Problem to work on:
Tally the lines of the listing below in which the string "QUINTET" occurs, and give the tally alone.

Entries shown:
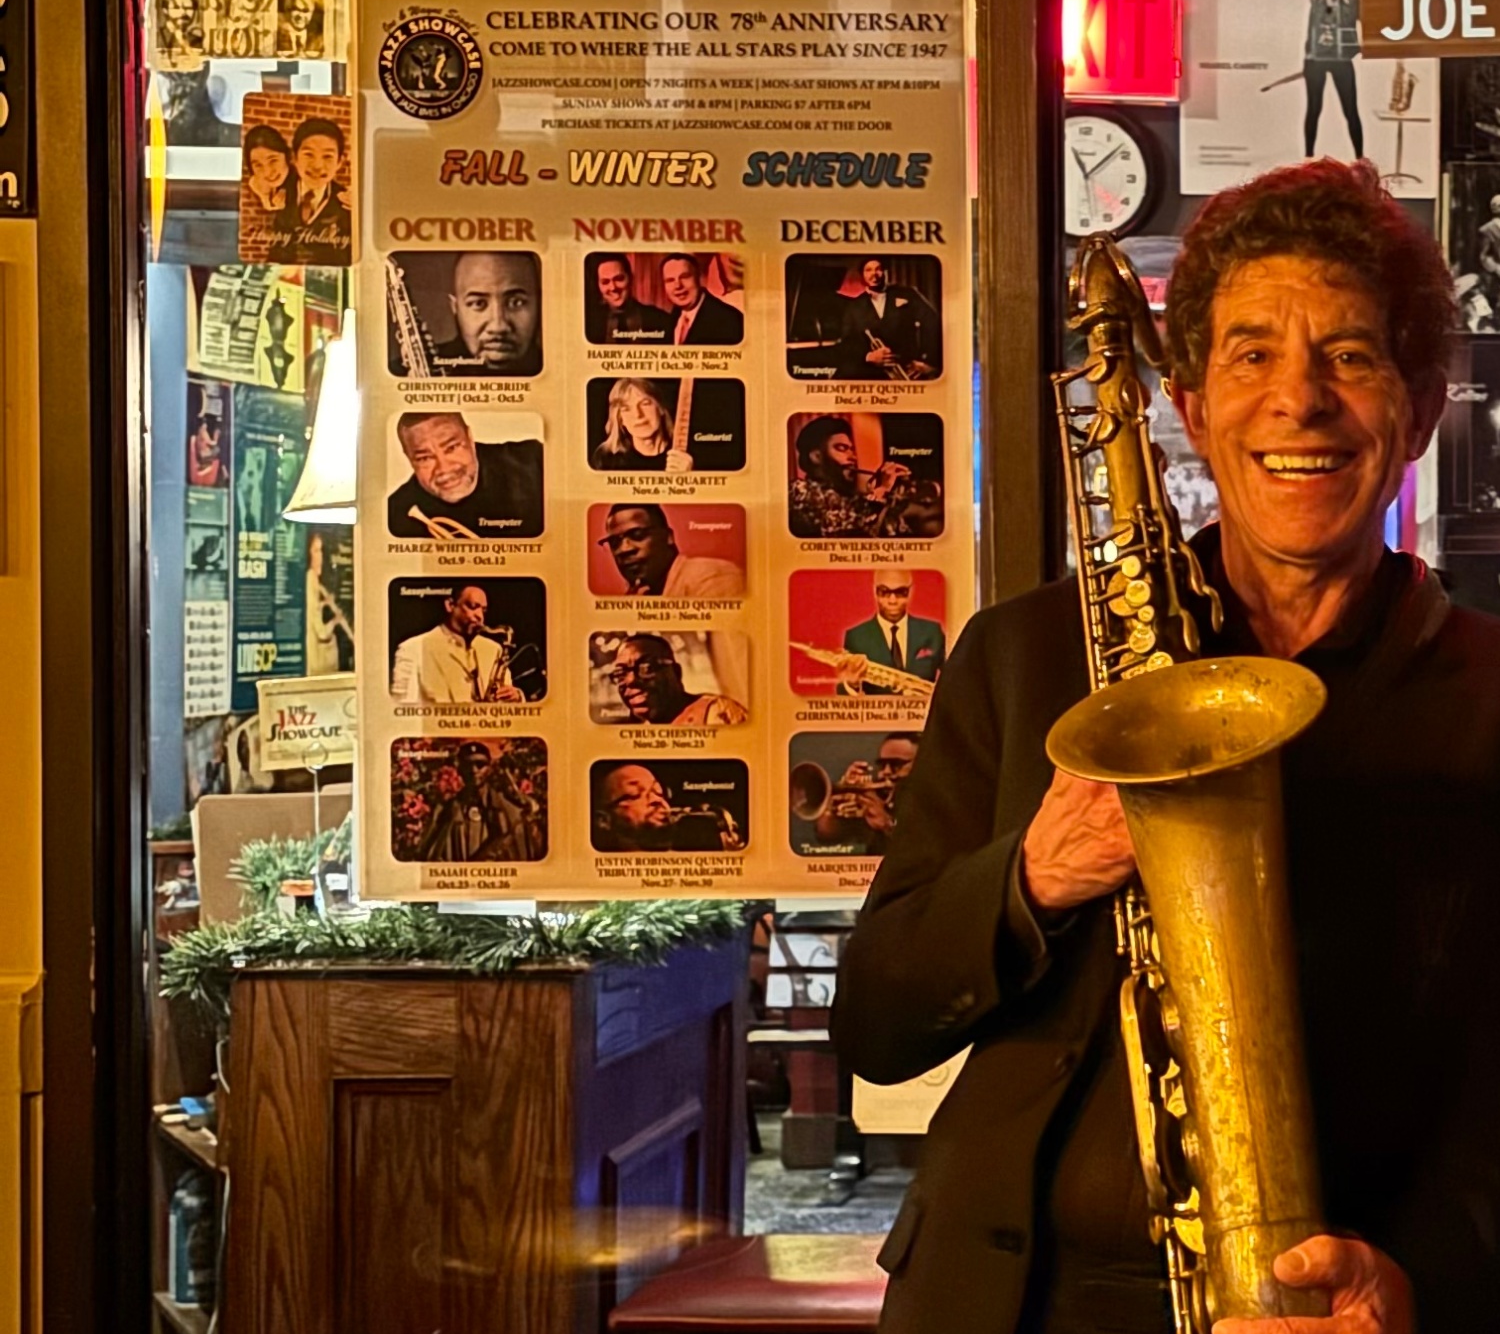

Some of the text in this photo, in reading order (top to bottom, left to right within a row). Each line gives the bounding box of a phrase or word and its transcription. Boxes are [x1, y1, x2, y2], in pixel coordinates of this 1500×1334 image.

[486, 11, 658, 30] CELEBRATING
[665, 12, 719, 31] OUR
[730, 11, 767, 31] 78th
[771, 12, 949, 33] ANNIVERSARY
[380, 30, 407, 68] JAZZ
[408, 19, 481, 69] SHOWCASE
[489, 41, 947, 58] COME TO WHERE THE ALL STARS PLAY SINCE 1947
[492, 78, 611, 89] JAZZSHOWCASE.COM
[620, 78, 651, 89] OPEN
[653, 78, 659, 88] 7
[662, 78, 706, 89] NIGHTS
[708, 79, 717, 89] A
[720, 79, 753, 89] WEEK
[761, 79, 814, 90] MON-SAT
[817, 79, 858, 90] SHOWS
[861, 79, 875, 90] AT
[562, 98, 608, 110] SUNDAY
[611, 98, 652, 109] SHOWS
[656, 99, 669, 109] AT
[672, 99, 695, 109] 4PM
[740, 99, 792, 110] PARKING
[794, 99, 806, 110] $7
[809, 100, 845, 110] AFTER
[541, 119, 892, 131] PURCHASE TICKETS AT JAZZSHOWCASE.COM OR AT THE DOOR
[1120, 150, 1131, 161] 2
[439, 149, 932, 188] FALL WINTER SCHEDULE
[1126, 174, 1137, 184] 3
[1120, 197, 1130, 206] 4
[389, 217, 536, 242] OCTOBER
[574, 218, 746, 244] NOVEMBER
[780, 219, 946, 244] DECEMBER
[587, 350, 742, 360] HARRY ALLEN ANDY BROWN
[601, 361, 653, 371] QUARTET
[397, 382, 531, 392] CHRISTOPHER MCBRIDE
[806, 384, 925, 394] JEREMY PELT QUINTET
[404, 393, 455, 403] QUINTET
[889, 446, 932, 457] Trumpeter
[607, 476, 727, 486] MIKE STERN QUARTET
[388, 543, 542, 554] PHAREZ WHITTED QUINTET
[800, 542, 932, 553] COREY WILKES QUARTET
[595, 600, 742, 611] KEYON HARROLD QUINTET
[807, 700, 927, 710] TIM JAZZY
[394, 707, 542, 718] CHICO FREEMAN QUARTET
[795, 711, 859, 721] CHRISTMAS
[620, 729, 717, 739] CYRUS CHESTNUT
[595, 856, 745, 867] JUSTIN ROBINSON QUINTET
[429, 867, 517, 877] ISAIAH COLLIER
[597, 867, 743, 877] TRIBUTE TO ROY HARGROVE

Response to the exercise:
5